Images for object localization
* * * * *

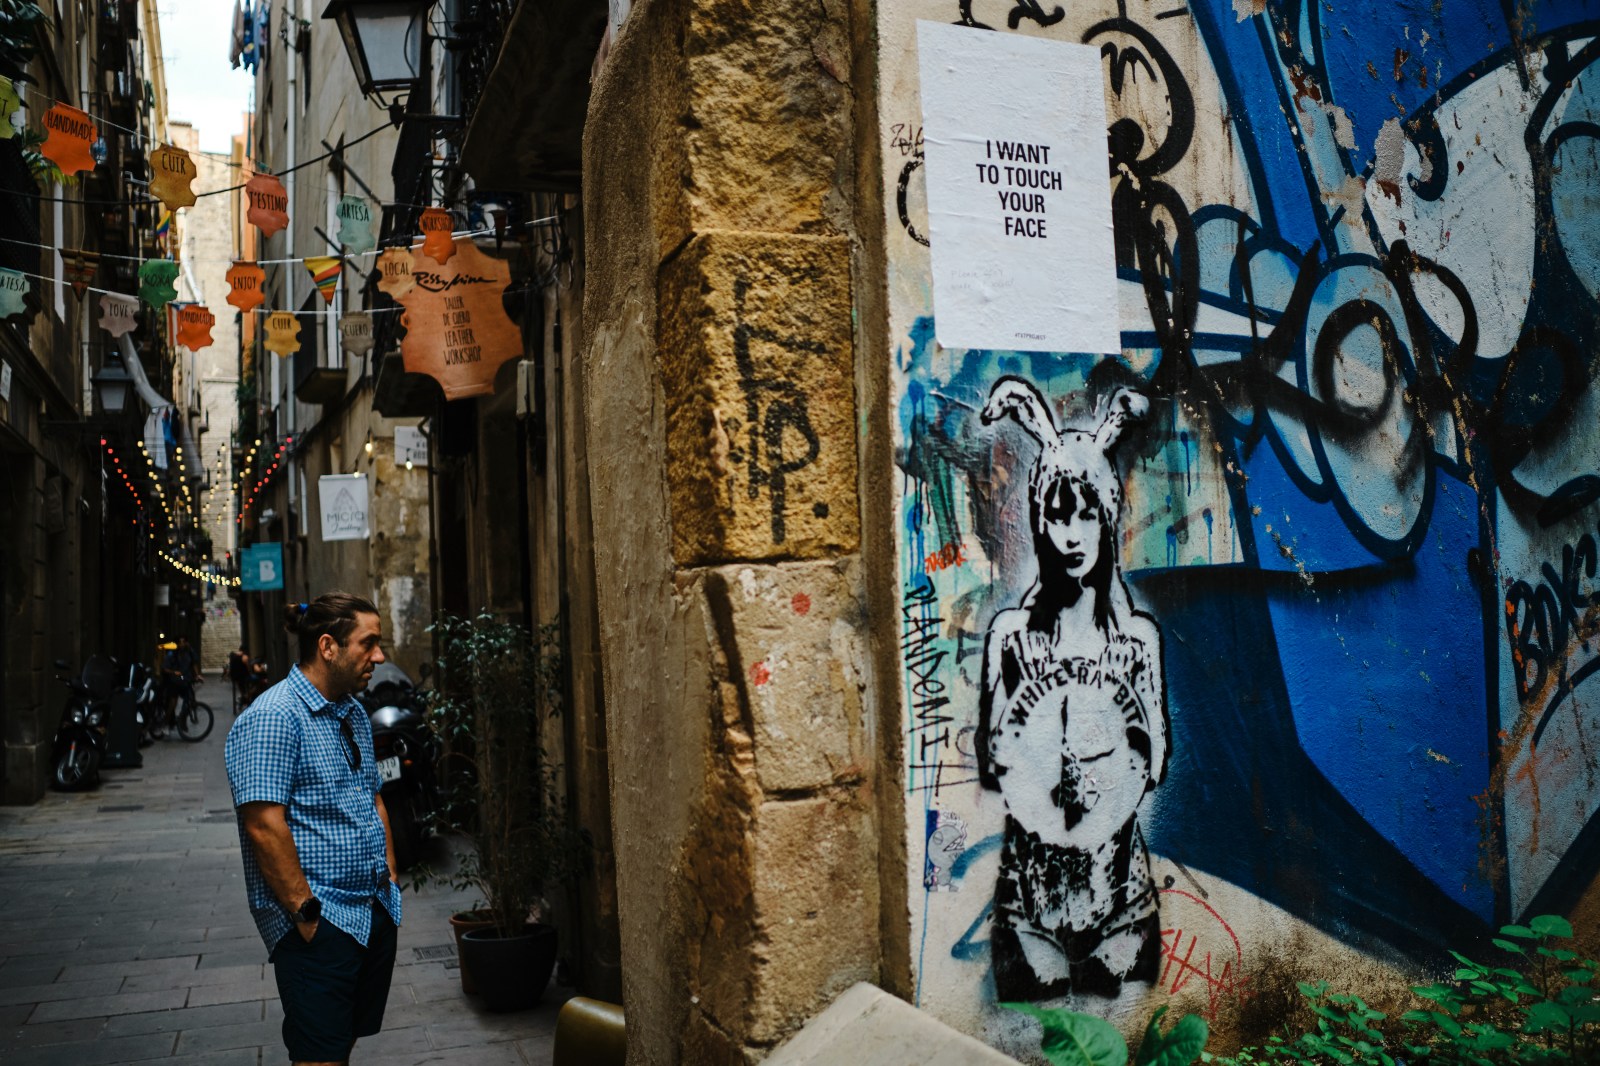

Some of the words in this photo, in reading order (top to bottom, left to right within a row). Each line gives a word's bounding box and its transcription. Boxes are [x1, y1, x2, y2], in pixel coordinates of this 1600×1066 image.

[47, 110, 93, 142] HANDMADE
[986, 140, 991, 159] I
[996, 141, 1051, 165] WANT
[162, 153, 186, 175] CUIR
[976, 163, 999, 185] TO
[1003, 166, 1063, 191] TOUCH
[249, 191, 287, 213] T'ESTIMO
[998, 191, 1046, 214] YOUR
[1004, 216, 1047, 239] FACE
[384, 261, 410, 276] LOCAL
[233, 276, 257, 291] ENJOY
[109, 303, 129, 318] LOVE
[443, 295, 465, 310] TALLER
[272, 317, 292, 330] CUIR
[443, 312, 451, 326] DE
[452, 310, 471, 325] CUERO
[344, 323, 369, 337] CUERO
[444, 328, 476, 347] LEATHER
[443, 346, 482, 365] WORKSHOP
[259, 560, 275, 582] B
[1008, 668, 1068, 726] WHITE

* * * * *

**Work instruction**
Although the records contain pictures, your copy should hold only the text, reproduced exactly.

**Reply**
Some of the words in this photo, in reading order (top to bottom, left to right within a row). Each line gives a word's bounding box and its transcription. Boxes are [x1, y1, x2, y2], in pixel coordinates of this 1600×1066 image.

[47, 110, 93, 142] HANDMADE
[986, 140, 991, 159] I
[996, 141, 1051, 165] WANT
[162, 153, 186, 175] CUIR
[976, 163, 999, 185] TO
[1003, 166, 1063, 191] TOUCH
[249, 191, 287, 213] T'ESTIMO
[998, 191, 1046, 214] YOUR
[1004, 216, 1047, 239] FACE
[384, 261, 410, 276] LOCAL
[233, 276, 257, 291] ENJOY
[109, 303, 129, 318] LOVE
[443, 295, 465, 310] TALLER
[272, 317, 292, 330] CUIR
[443, 312, 451, 326] DE
[452, 310, 471, 325] CUERO
[344, 323, 369, 337] CUERO
[444, 328, 476, 347] LEATHER
[443, 346, 482, 365] WORKSHOP
[259, 560, 275, 582] B
[1008, 668, 1068, 726] WHITE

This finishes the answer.